Personal information
- Full name: David Roderick Jones
- Nickname: Roxy
- Born: 5 July 1949 Rhymney, Wales
- Died: 5 October 1995 (aged 46) Rhymney, Wales

Darts information
- Playing darts since: 1965
- Laterality: Right-handed

Organisation (see split in darts)
- BDO: 1977 – 1988

WDF major events – best performances
- World Championship: Last 24: 1978
- World Masters: Runner Up: 1975

Other tournament wins
- Tournament: Years
- WDF World Cup Team: 1977

= David Jones (darts player) =

Welsh darts player (1949–1995)

David Roderick Jones (5 July 1949 – 5 October 1995) was a Welsh professional darts player who played mostly during the formative years of darts television coverage during the 1970s. He was born in Rhymney, Glamorgan and although his nickname was Roxy the media got it wrong and he would often be referred to as Rocky or David Rocky Jones.

His best tournament display came in the Winmau World Masters when he reached the final in 1975 before losing to fellow countryman Alan Evans. Also during 1975 he won the Marlborough Masters and took the Unicorn World Pairs championships with Ray Phillips. He also had success in international darts with his country Wales, when they took the WDF World Cup team title in 1977.
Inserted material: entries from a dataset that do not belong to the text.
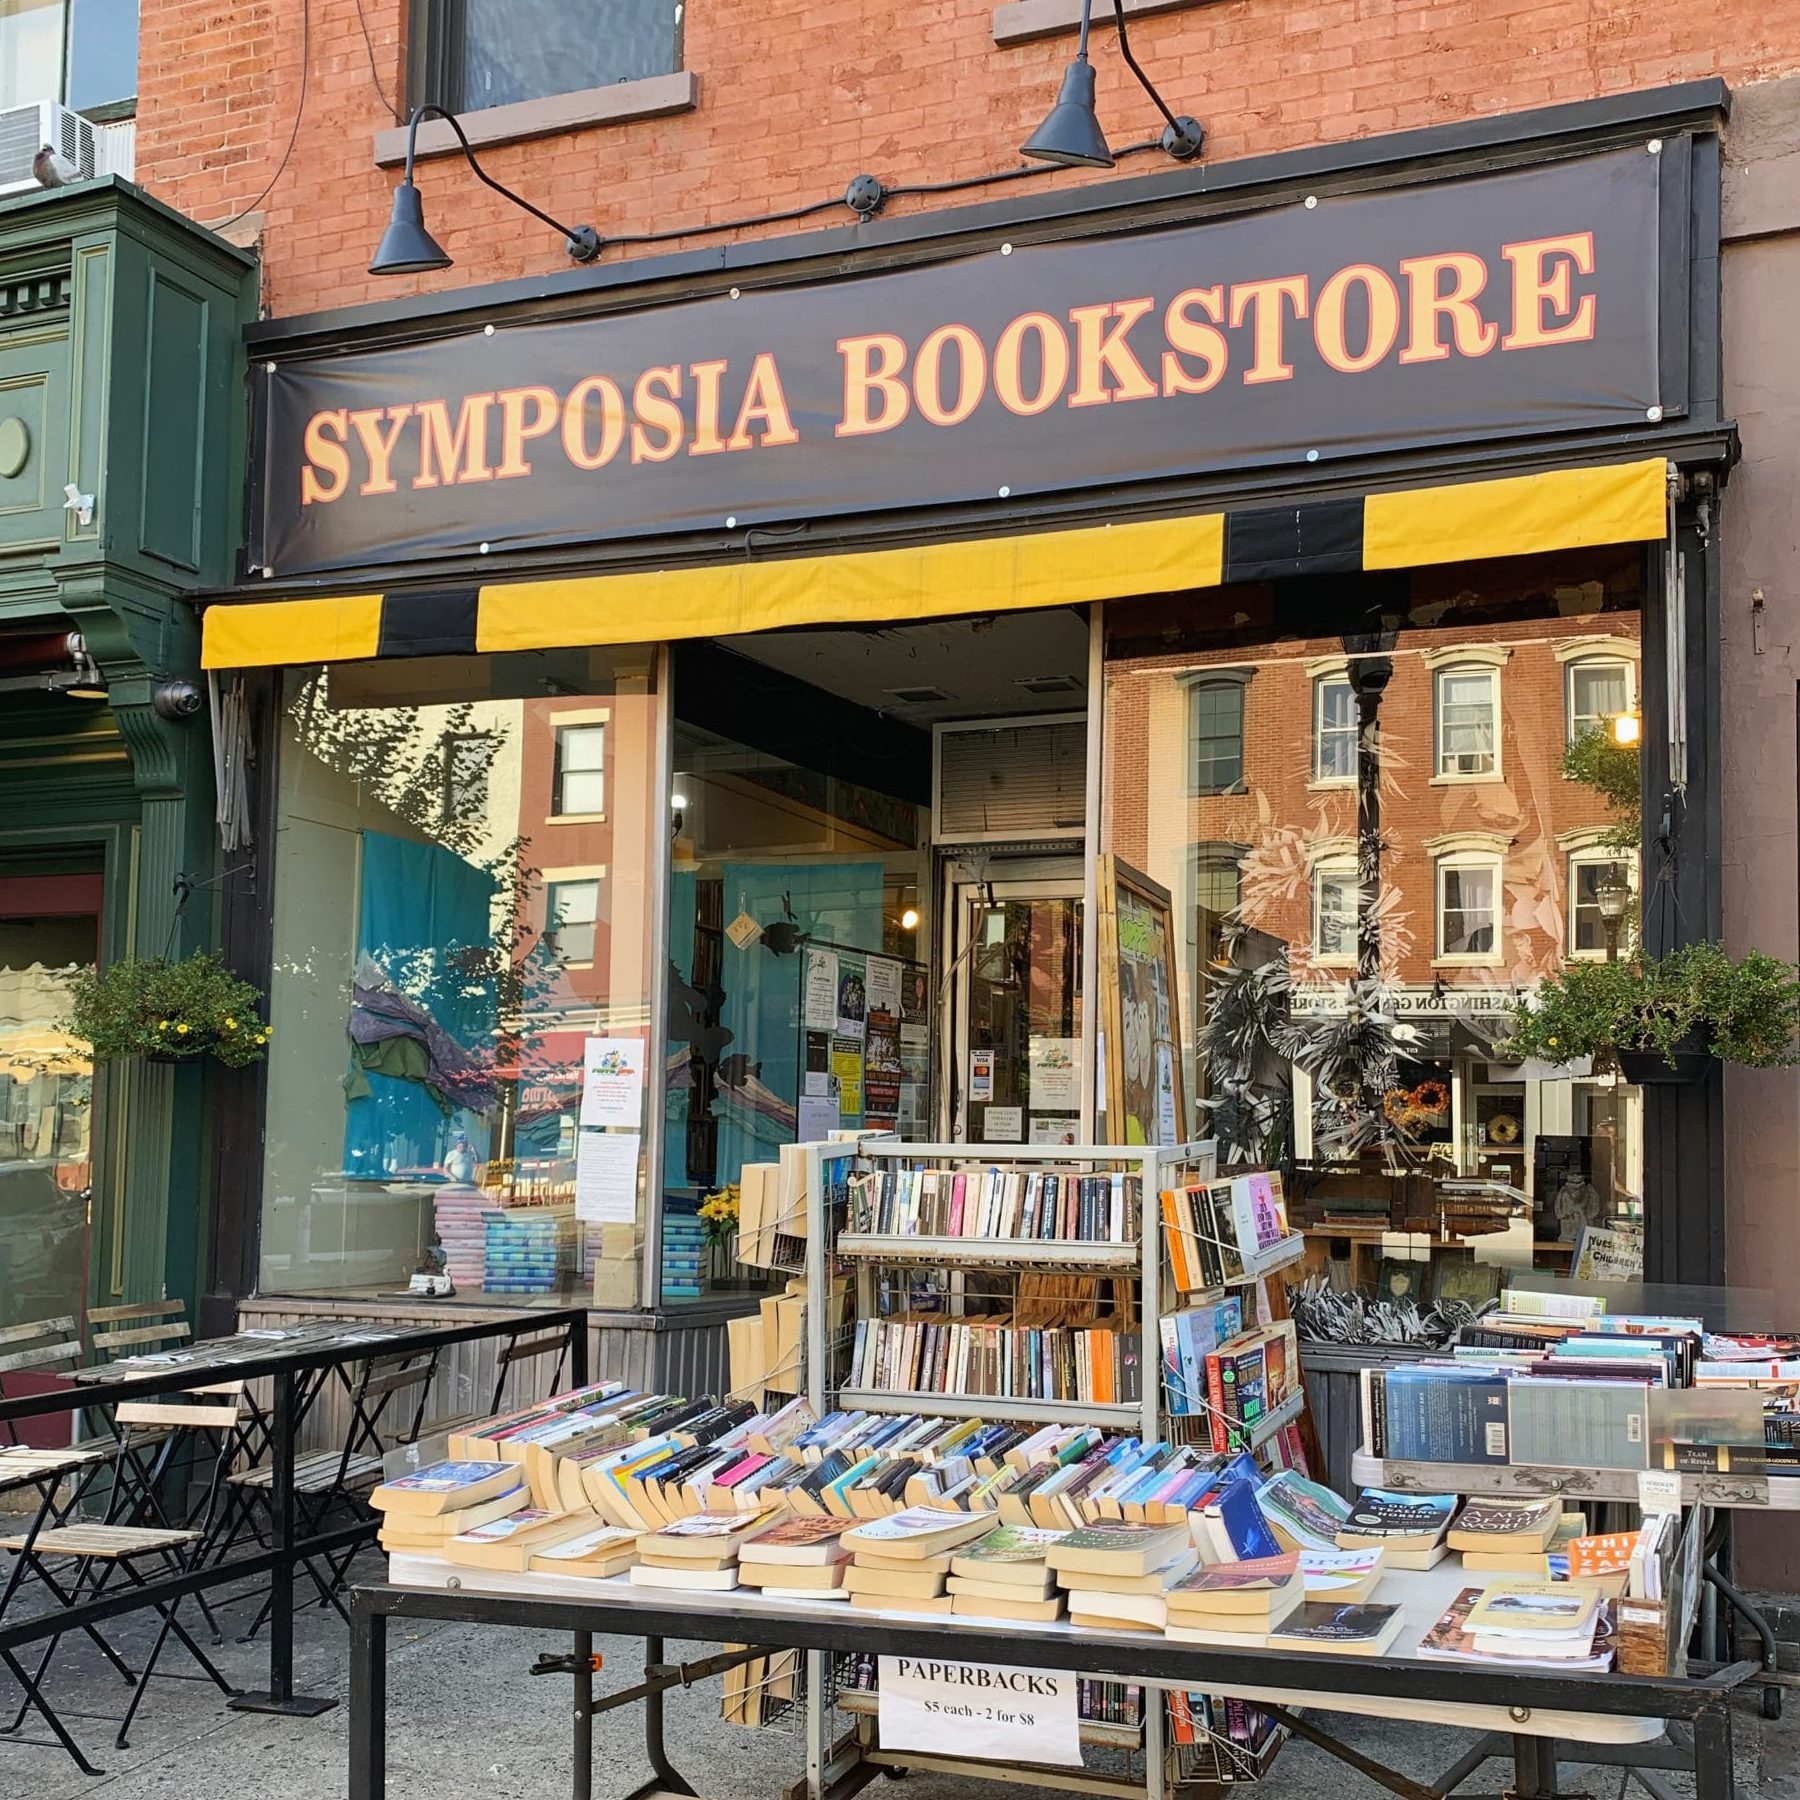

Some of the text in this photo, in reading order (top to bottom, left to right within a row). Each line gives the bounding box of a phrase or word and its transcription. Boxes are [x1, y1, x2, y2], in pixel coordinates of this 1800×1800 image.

[301, 231, 1596, 505] SYMPOSIA BOOKSTORE
[1208, 1367, 1219, 1386] LINDA
[1687, 1450, 1708, 1458] TEAM
[1690, 1458, 1716, 1466] RIVALS
[1369, 1505, 1438, 1515] STEALING
[1377, 1511, 1431, 1519] HORSES
[1462, 1516, 1490, 1524] OF
[1576, 1536, 1640, 1549] WHI
[897, 1658, 1059, 1697] PAPERBACKS
[924, 1700, 940, 1714] $5
[943, 1703, 973, 1718] each
[985, 1707, 993, 1720] 2
[997, 1708, 1016, 1724] for
[1019, 1712, 1035, 1727] $8
He also appeared on television in the last darts final of Yorkshire Television's Indoor League in 1977, finishing runner-up to Tony Brown.

The World Professional Darts Championship was first organised in 1978, but despite his relative success around that time Jones never featured in the event after a single appearance in the inaugural tournament.

==World Championship Results==

===BDO===
- 1978: Last 24: (lost to Conrad Daniels 4–5) (legs)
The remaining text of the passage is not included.